Running a business isn’t always straightforward, especially if it’s a small or medium-sized company that relies on regular cash flow. In this case, outstanding invoices can be a burden that can cause inefficiencies at best and threaten the business at worst. So, instead of contacting your client and putting them under pressure, why not try invoice discounting?
But what is invoice discounting, and how does it work?
Essentially, it helps your business access working capital by selling unpaid invoices to a lender, who provides your company with a loan in return.
An invoice discounting company pays up to 90% of the invoice to your business in cash, giving your clients more time to arrange their payments. Then, once the client has settled the remaining balance, the company pays the invoice minus expenses. Invoice discounting isn’t new, but it has grown in popularity in recent years as it helps small companies balance the sales ledger and stay in business.
So how does invoice discounting work? Read on to find out everything you need to know!

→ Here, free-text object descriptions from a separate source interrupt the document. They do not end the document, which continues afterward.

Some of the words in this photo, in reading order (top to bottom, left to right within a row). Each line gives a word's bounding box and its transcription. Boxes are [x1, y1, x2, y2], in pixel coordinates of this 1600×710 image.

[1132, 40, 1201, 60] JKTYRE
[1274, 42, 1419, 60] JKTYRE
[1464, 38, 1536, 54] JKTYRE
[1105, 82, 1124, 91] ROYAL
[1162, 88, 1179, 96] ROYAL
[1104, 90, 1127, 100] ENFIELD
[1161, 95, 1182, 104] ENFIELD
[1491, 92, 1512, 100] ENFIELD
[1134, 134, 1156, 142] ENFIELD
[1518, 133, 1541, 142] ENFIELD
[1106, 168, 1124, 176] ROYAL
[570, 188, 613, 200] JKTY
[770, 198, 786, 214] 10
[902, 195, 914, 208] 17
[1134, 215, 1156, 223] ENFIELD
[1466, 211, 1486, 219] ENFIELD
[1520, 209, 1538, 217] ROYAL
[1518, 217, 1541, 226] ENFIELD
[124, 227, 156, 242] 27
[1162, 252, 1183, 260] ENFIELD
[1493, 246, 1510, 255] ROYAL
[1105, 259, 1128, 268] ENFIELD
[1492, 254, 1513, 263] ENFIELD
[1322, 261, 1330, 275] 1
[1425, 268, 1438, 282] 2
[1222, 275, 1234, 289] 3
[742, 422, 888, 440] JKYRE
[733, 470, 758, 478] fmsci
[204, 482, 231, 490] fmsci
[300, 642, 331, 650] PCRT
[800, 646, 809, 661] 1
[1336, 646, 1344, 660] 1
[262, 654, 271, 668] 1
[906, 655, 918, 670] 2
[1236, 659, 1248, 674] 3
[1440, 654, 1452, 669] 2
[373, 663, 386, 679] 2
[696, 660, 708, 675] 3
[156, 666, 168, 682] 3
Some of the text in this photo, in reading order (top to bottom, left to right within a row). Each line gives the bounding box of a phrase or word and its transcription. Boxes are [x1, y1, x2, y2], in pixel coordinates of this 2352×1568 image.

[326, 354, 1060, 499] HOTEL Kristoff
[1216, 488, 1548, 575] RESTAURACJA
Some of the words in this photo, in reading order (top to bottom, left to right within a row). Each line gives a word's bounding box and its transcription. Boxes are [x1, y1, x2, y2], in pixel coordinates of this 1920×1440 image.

Invoice Discounting Explained
If your business regularly issues invoices that remain unpaid for long stretches, it can cause cash flow problems and affect the performance and credibility of the company.
For this reason, invoice discounting and invoice factoring services exist that can help a business obtain the invoice credit more quickly and achieve credit control. In addition, an invoice discounting service has the added benefit of retaining customer control.
So what is invoice discounting?
Invoice discounting is the process of issuing an invoice to a finance company instead of pursuing a client for the money; the finance solution pays a significant amount of the invoice on behalf of the client – up to 90% – which frees up cash for your company.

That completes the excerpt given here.